## YOUR TASK
Restate every line below word for word, but drop each picture.

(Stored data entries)
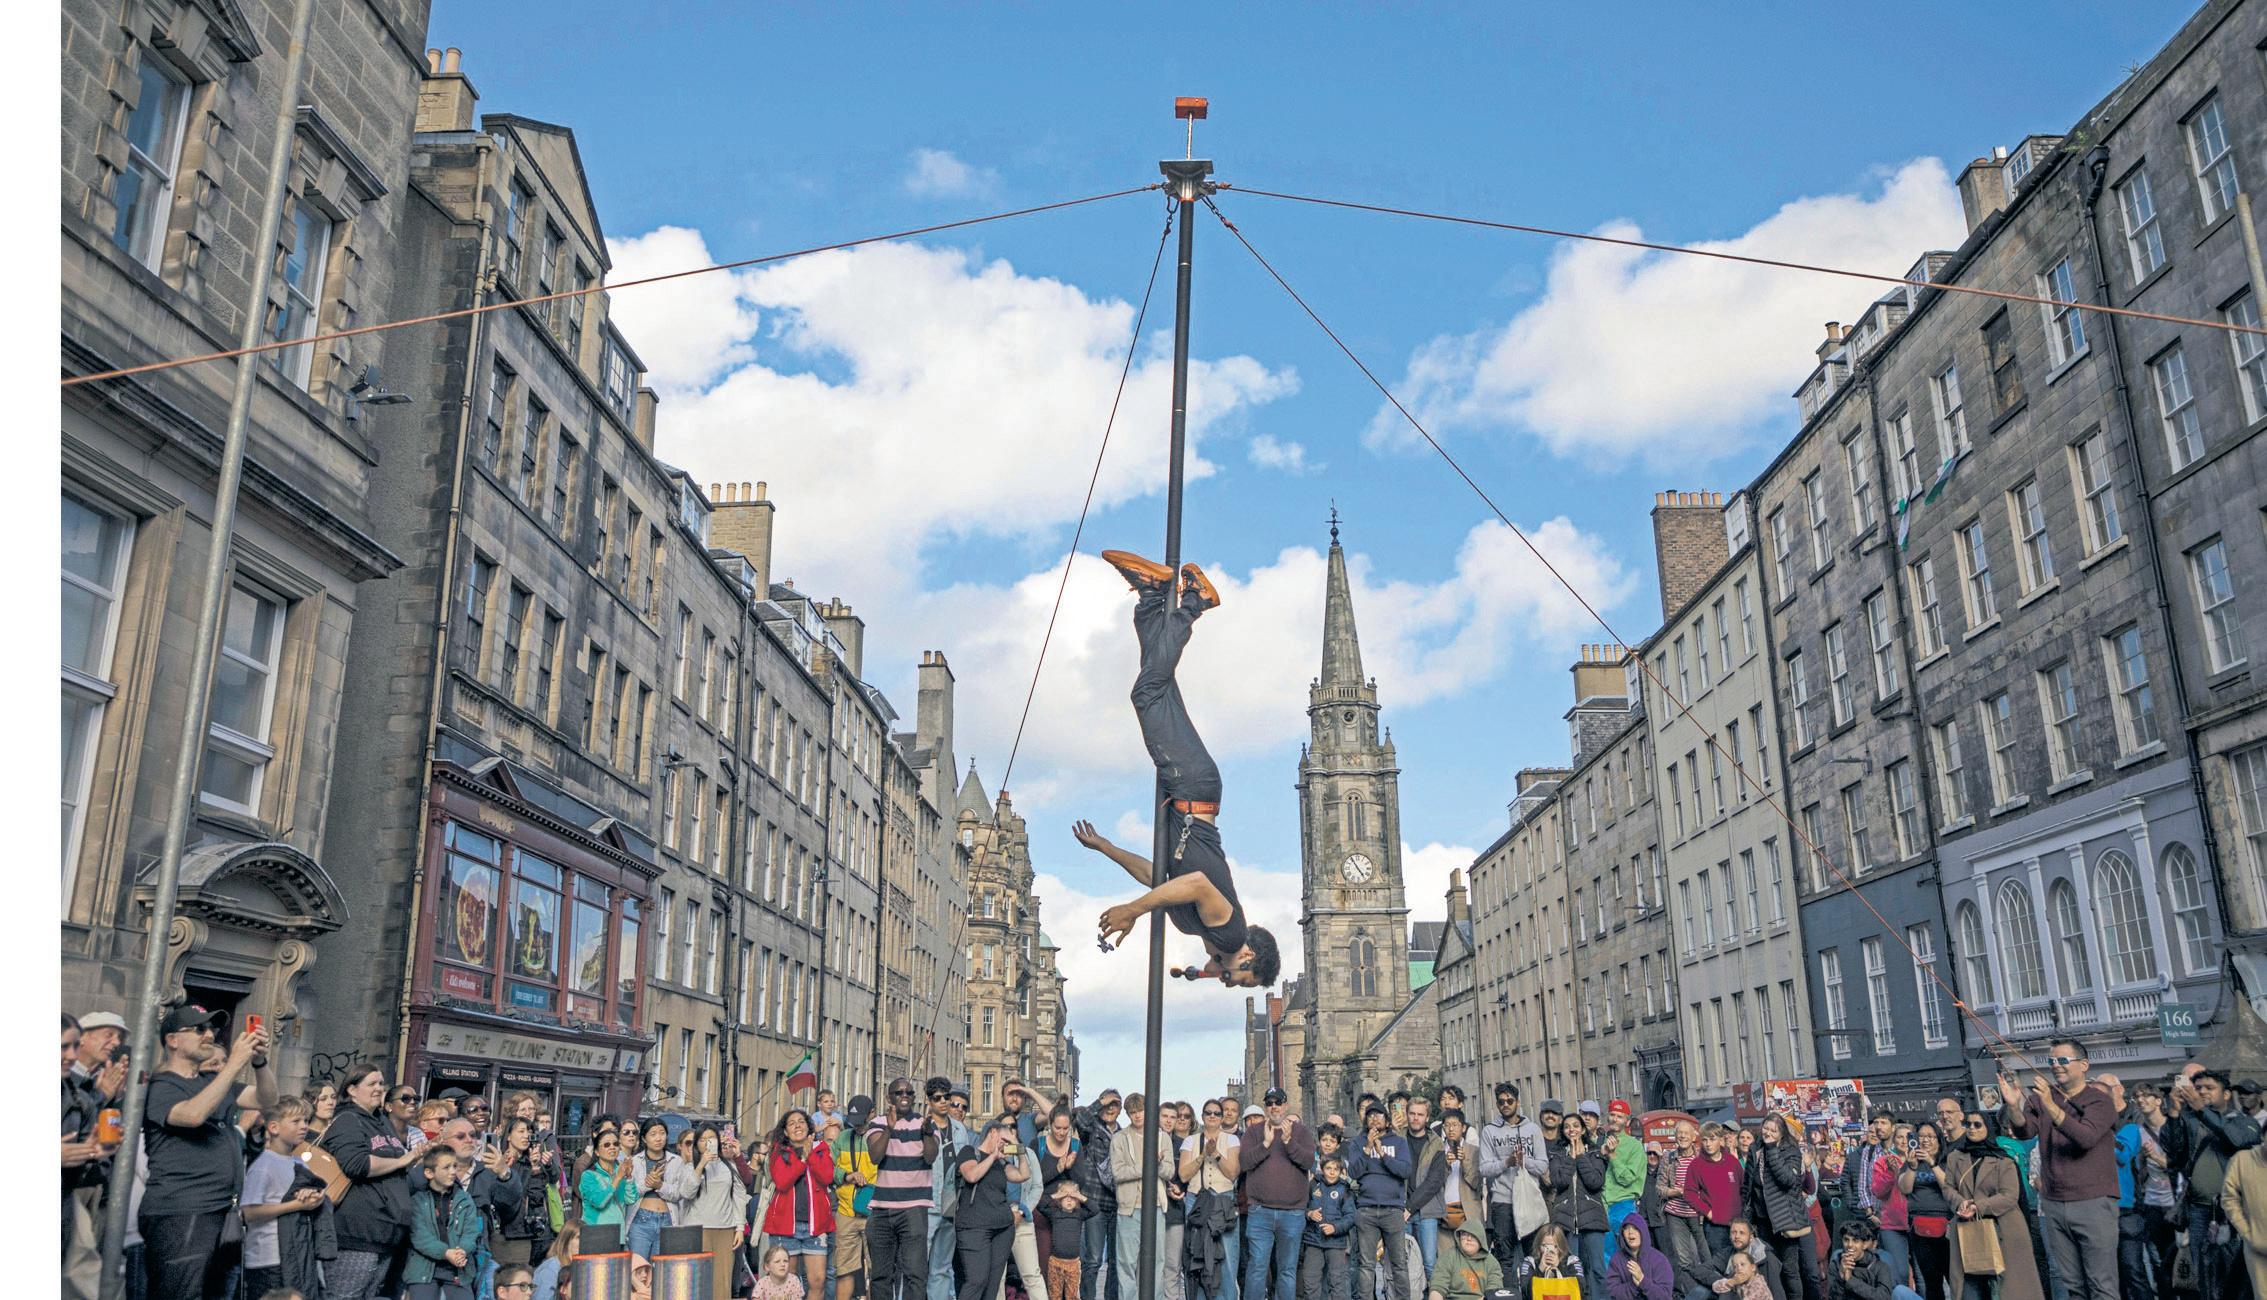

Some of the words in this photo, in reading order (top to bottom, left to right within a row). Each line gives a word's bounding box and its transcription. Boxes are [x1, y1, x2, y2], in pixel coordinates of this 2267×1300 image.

[2163, 1010, 2193, 1027] 166
[464, 1034, 490, 1053] THE
[498, 1039, 546, 1060] FILLING
[553, 1047, 594, 1065] STATION
[2109, 1046, 2140, 1058] OUTLET
[442, 1068, 460, 1077] FILLING
[461, 1069, 479, 1078] STATION
[1493, 1133, 1534, 1147] twisted
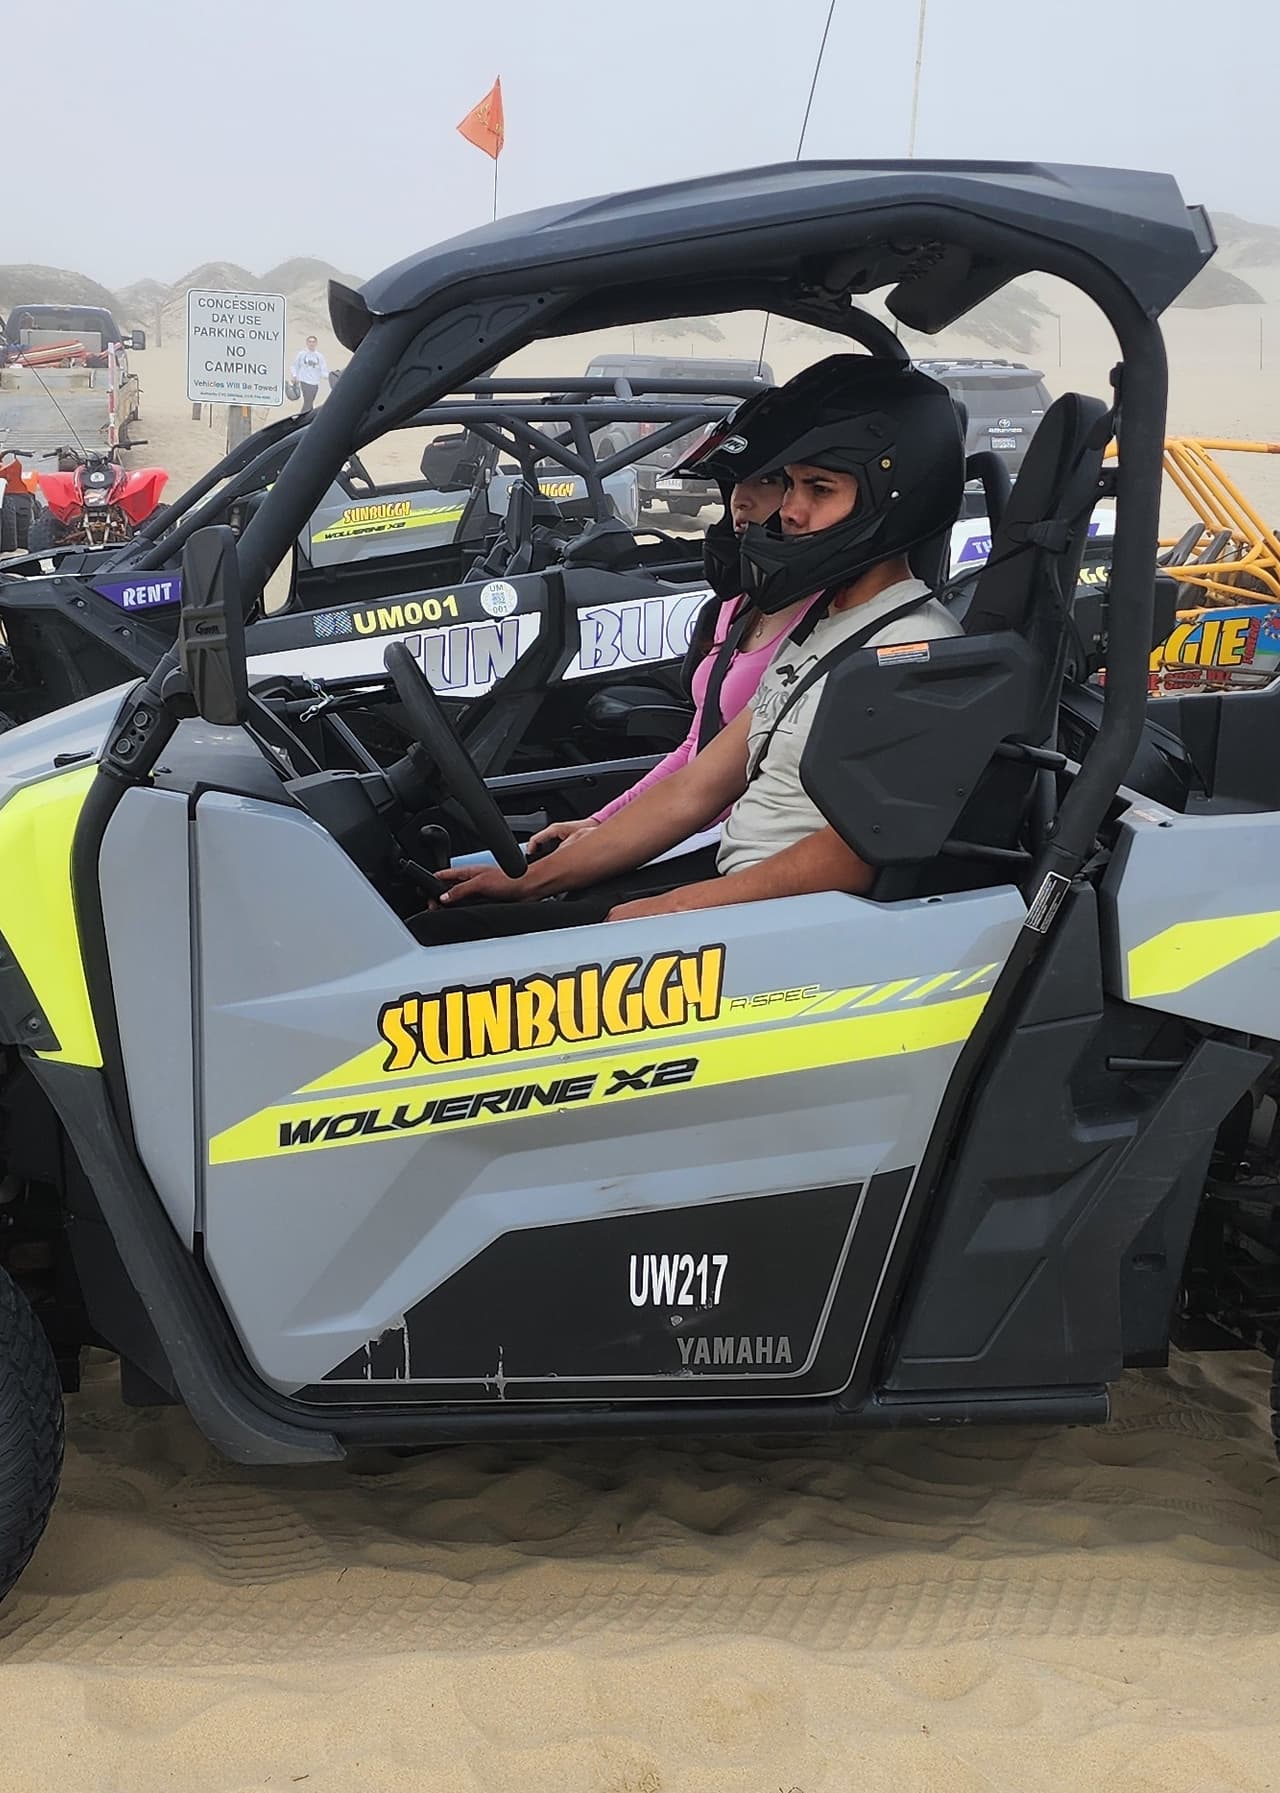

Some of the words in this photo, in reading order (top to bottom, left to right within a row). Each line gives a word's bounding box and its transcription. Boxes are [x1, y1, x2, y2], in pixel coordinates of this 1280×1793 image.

[198, 298, 275, 312] CONCESSION
[212, 313, 234, 324] DAY
[238, 315, 262, 326] USE
[193, 326, 245, 339] PARKING
[249, 330, 280, 341] ONLY
[226, 345, 246, 357] NO
[204, 360, 268, 375] CAMPING
[193, 379, 225, 388] Vehicles
[226, 381, 240, 389] Will
[254, 383, 278, 392] Towed
[343, 501, 411, 524] SUNBUGGY
[121, 582, 173, 607] RENT
[489, 584, 504, 592] UM
[352, 594, 459, 635] UM001
[492, 605, 508, 614] 001
[404, 619, 520, 691] UN
[378, 944, 725, 1071] SUNBUGGY
[279, 1074, 599, 1147] WOLVERINE
[604, 1057, 700, 1096] X2
[629, 1254, 728, 1306] UW217
[676, 1336, 793, 1365] YAMAHA
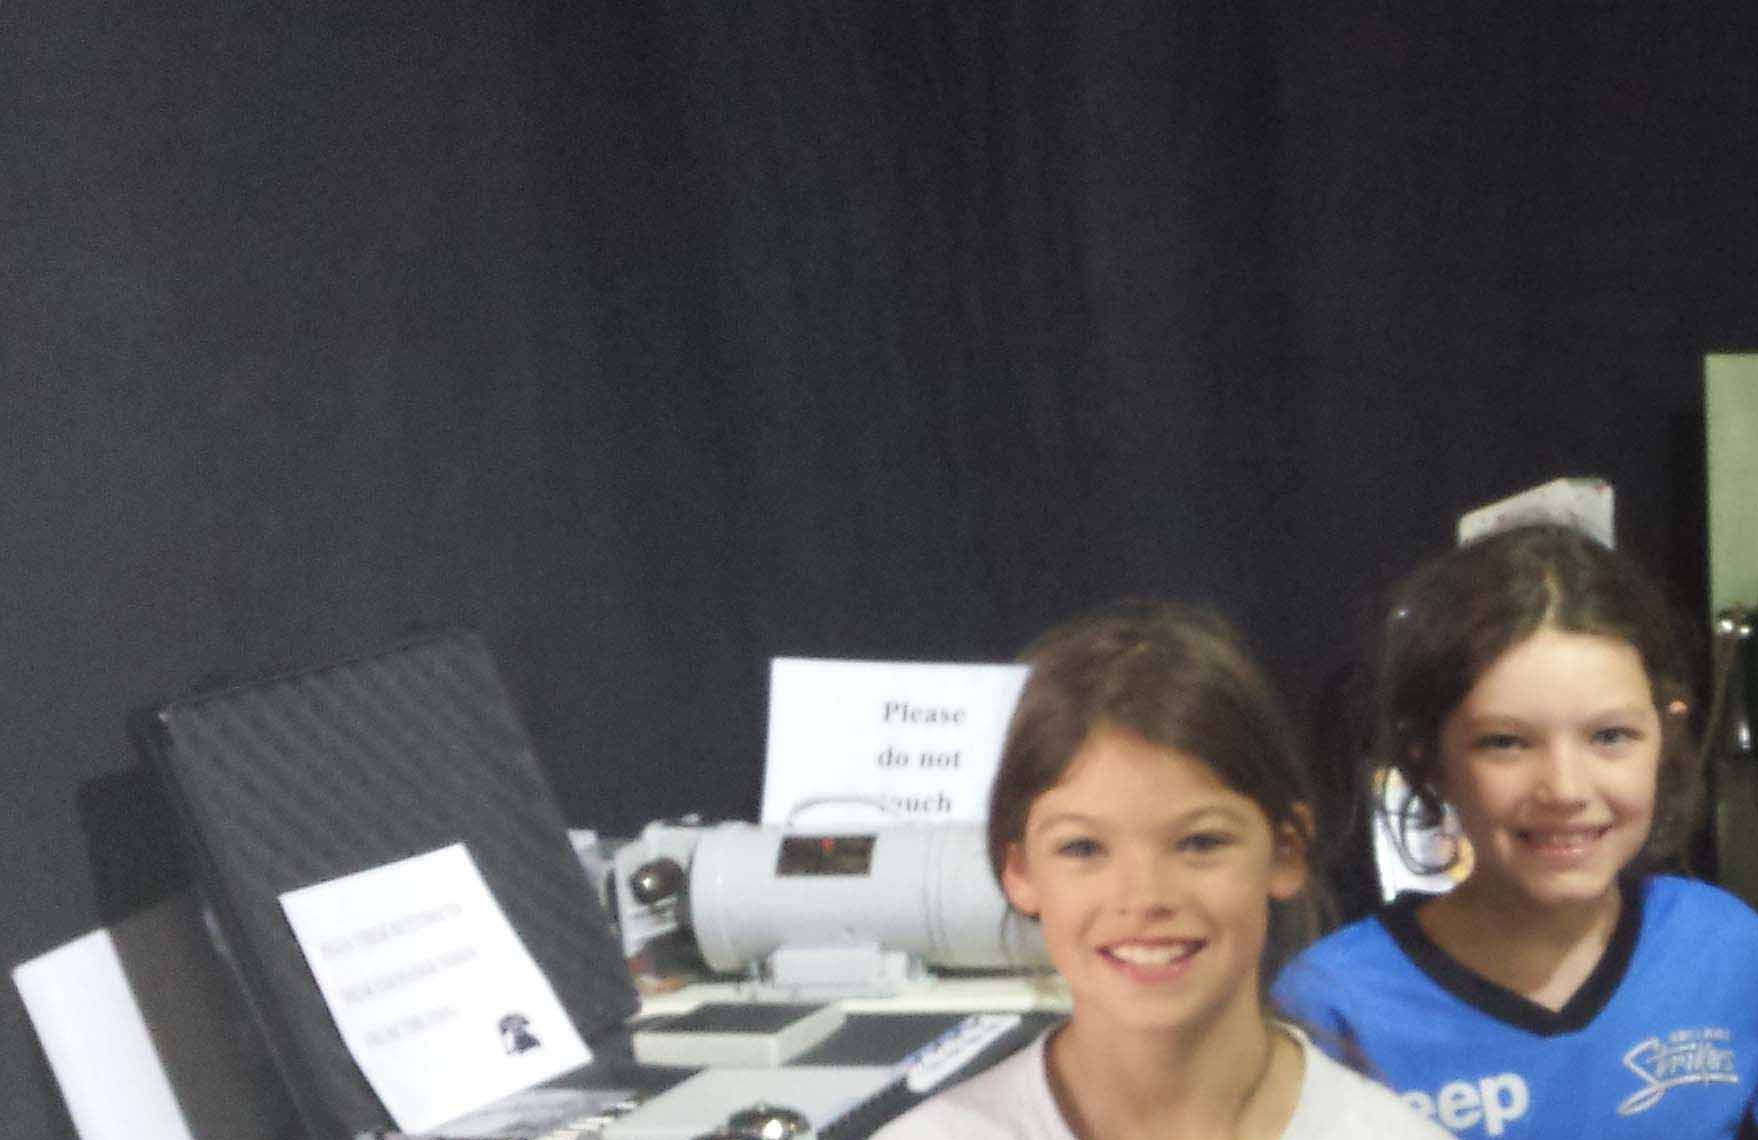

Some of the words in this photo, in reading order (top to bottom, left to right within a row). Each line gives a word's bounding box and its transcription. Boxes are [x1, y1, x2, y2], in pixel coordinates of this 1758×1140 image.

## PROBLEM SOLUTION
Some of the words in this photo, in reading order (top to bottom, left to right within a row). Each line gives a word's bounding box and its transcription. Boxes are [x1, y1, x2, y2], in pixel coordinates of this 2267×1300 image.

[2163, 1010, 2193, 1027] 166
[464, 1034, 490, 1053] THE
[498, 1039, 546, 1060] FILLING
[553, 1047, 594, 1065] STATION
[2109, 1046, 2140, 1058] OUTLET
[442, 1068, 460, 1077] FILLING
[461, 1069, 479, 1078] STATION
[1493, 1133, 1534, 1147] twisted

Some of the words in this photo, in reading order (top to bottom, left to right within a row). Each line gives a word's bounding box and its transcription. Boxes are [x1, y1, x2, y2], in pixel coordinates of this 1280×1793 image.

[198, 298, 275, 312] CONCESSION
[212, 313, 234, 324] DAY
[238, 315, 262, 326] USE
[193, 326, 245, 339] PARKING
[249, 330, 280, 341] ONLY
[226, 345, 246, 357] NO
[204, 360, 268, 375] CAMPING
[193, 379, 225, 388] Vehicles
[226, 381, 240, 389] Will
[254, 383, 278, 392] Towed
[343, 501, 411, 524] SUNBUGGY
[121, 582, 173, 607] RENT
[489, 584, 504, 592] UM
[352, 594, 459, 635] UM001
[492, 605, 508, 614] 001
[404, 619, 520, 691] UN
[378, 944, 725, 1071] SUNBUGGY
[279, 1074, 599, 1147] WOLVERINE
[604, 1057, 700, 1096] X2
[629, 1254, 728, 1306] UW217
[676, 1336, 793, 1365] YAMAHA

Some of the words in this photo, in reading order (top to bottom, left to right within a row). Each line gives a word's bounding box and its transcription. Boxes are [x1, y1, x2, y2], in pixel coordinates of this 1758×1140 image.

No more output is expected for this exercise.